The problem I have is that I do not know how to test the coroutine.
I followed examples from https://aiohttp.readthedocs.io/en/latest/testing.html.
And everything seemed easy until I started writing tests myself.
Code for test_register.py
from main import make_app
pytest_plugins = 'aiohttp.pytest_plugin'
@pytest.fixture
def cli(loop, test_client):
return loop.run_until_complete(test_client(make_app))
async def test_register(cli):
resp = await cli.post('/register', data={'login': 'emil', 'password': 'qwerty'})
assert resp.status == 200
text = await resp.text()
And register.py
from settings import db
async def register(request):
post_data = await request.post()
print('Gotta: ', post_data)
login, password = post_data['login'], post_data['password']

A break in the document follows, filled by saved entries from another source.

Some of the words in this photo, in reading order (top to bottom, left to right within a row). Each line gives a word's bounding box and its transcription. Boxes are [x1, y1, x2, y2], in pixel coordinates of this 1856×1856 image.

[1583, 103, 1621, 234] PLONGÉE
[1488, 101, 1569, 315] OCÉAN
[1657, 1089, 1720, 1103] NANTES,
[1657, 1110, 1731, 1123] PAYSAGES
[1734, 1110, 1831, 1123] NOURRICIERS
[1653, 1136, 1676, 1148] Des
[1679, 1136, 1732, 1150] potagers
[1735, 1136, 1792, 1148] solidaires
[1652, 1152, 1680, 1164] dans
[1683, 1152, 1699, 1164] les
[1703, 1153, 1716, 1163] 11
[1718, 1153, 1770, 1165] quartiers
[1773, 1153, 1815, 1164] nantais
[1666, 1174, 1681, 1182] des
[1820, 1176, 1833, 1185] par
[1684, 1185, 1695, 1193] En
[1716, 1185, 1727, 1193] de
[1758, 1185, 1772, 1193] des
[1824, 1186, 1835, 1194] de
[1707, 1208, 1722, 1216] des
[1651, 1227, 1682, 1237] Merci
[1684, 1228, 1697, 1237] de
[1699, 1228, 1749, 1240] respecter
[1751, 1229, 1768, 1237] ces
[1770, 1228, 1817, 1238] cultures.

matches = await db.users.find({'login': login}).count()
...
main.py
from aiohttp import web
from routes import routes
def make_app(loop=None):
app = web.Application(loop=loop)
for route in routes:
app.router.add_route(route.method, route.url, route.handler)
return app
def main():
web.run_app(make_app())
if __name__ == "__main__":
main()
settings.py
from motor.motor_asyncio import AsyncIOMotorClient
DBNAME = 'testdb'
db = AsyncIOMotorClient()[DBNAME]
And then I ran py.test test_register.py
and it got stuck on database operation
matches = await db.users.find({'login': login}).count()

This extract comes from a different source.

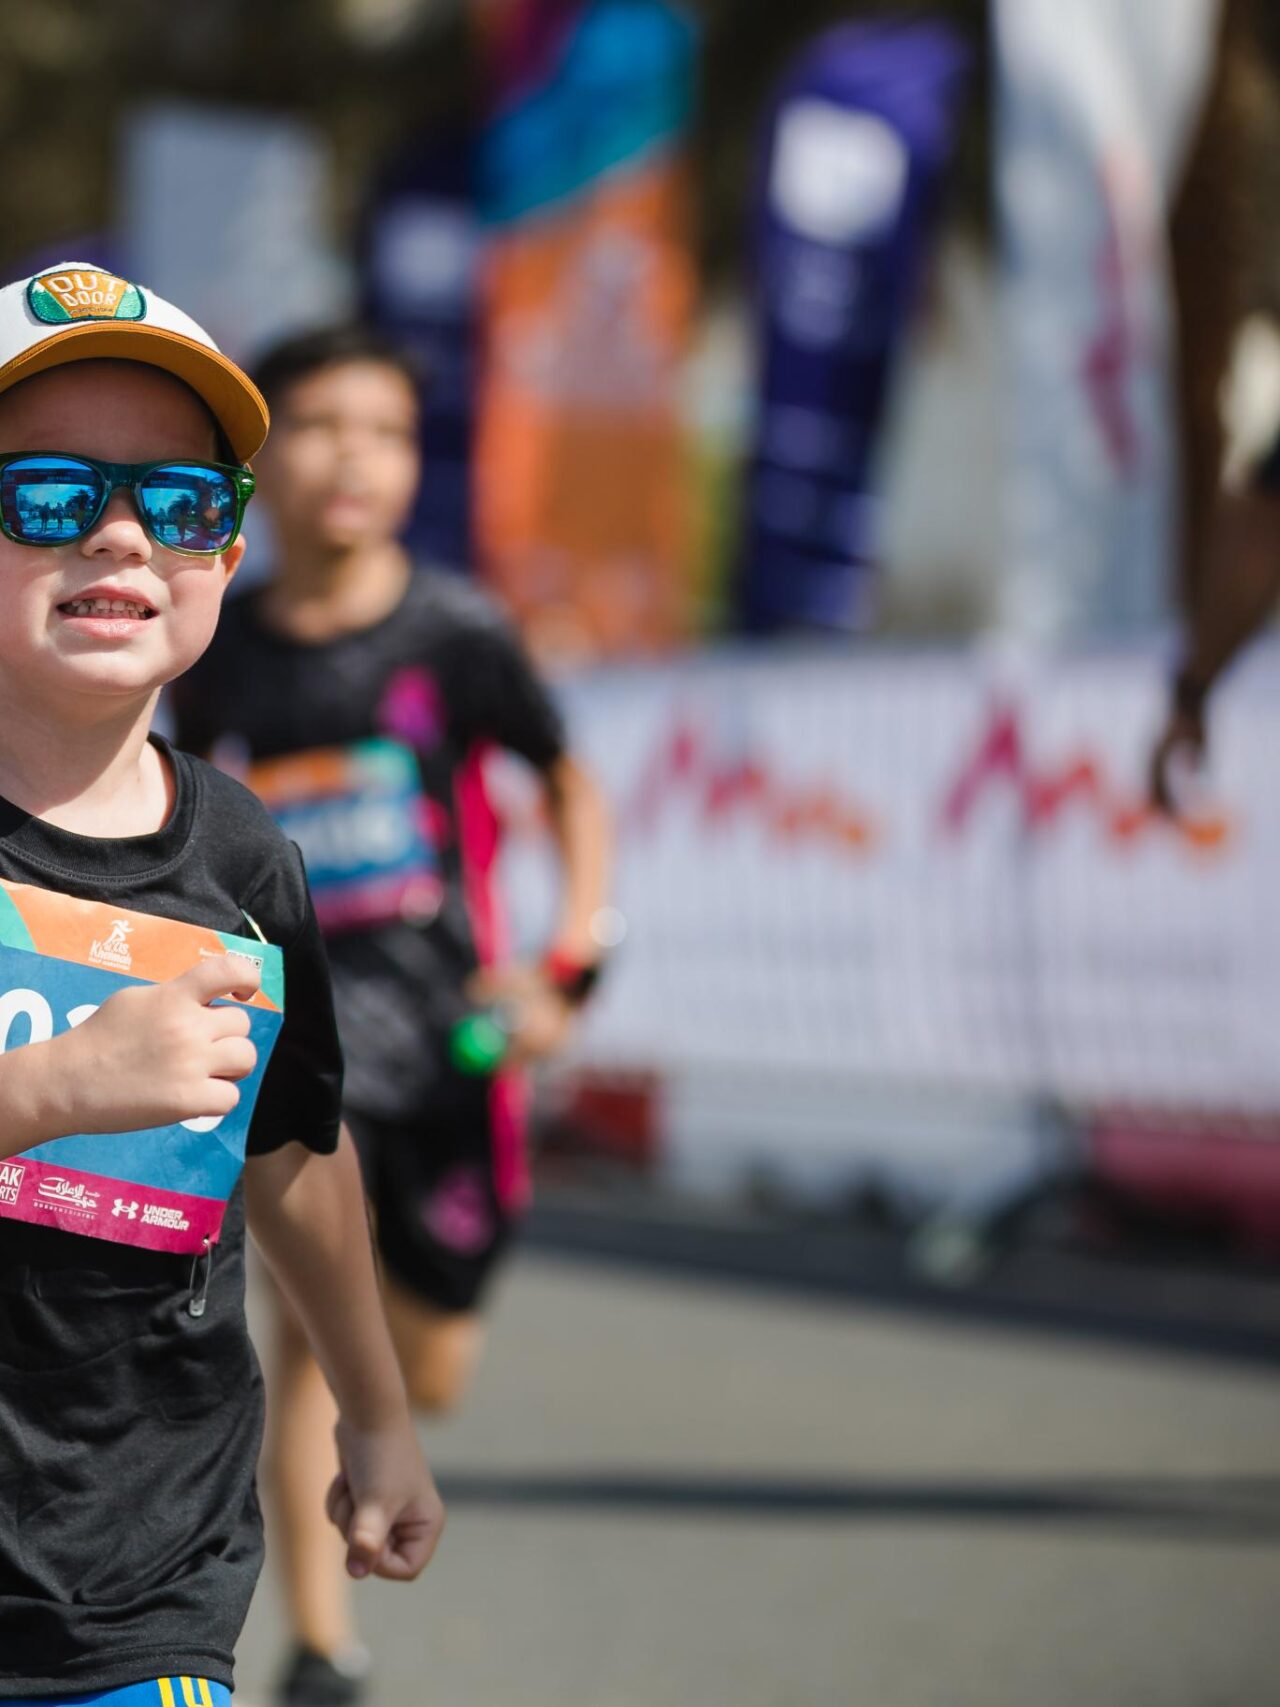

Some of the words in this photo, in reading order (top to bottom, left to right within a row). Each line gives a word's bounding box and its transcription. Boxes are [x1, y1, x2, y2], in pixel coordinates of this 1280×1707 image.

[47, 274, 124, 293] OUT
[61, 291, 117, 307] DOOR
[143, 1203, 184, 1221] UNDER
[140, 1214, 190, 1231] ARMOUR

The root of your problem is global variable usage.
I suggest the following changes:
from aiohttp import web
from motor.motor_asyncio import AsyncIOMotorClient
from routes import routes
def make_app(loop=None):
app = web.Application(loop=loop)
DBNAME = 'testdb'
mongo = AsyncIOMotorClient(io_loop=loop)
db = mongo[DBNAME]
app['db'] = db
async def cleanup(app):
mongo.close()
app.on_cleanup.append(cleanup)
for route in routes:
app.router.add_route(route.method, route.url, route.handler)
return app
register.py
async def register(request):
post_data = await request.post()
print('Gotta: ', post_data)
login, password = post_data['login'], post_data['password']
matches = await request.app['db'].users.find(
{'login': login}).count()
...
Pushing common-used objects into application's storage is an appreciated way for handling database connections etc.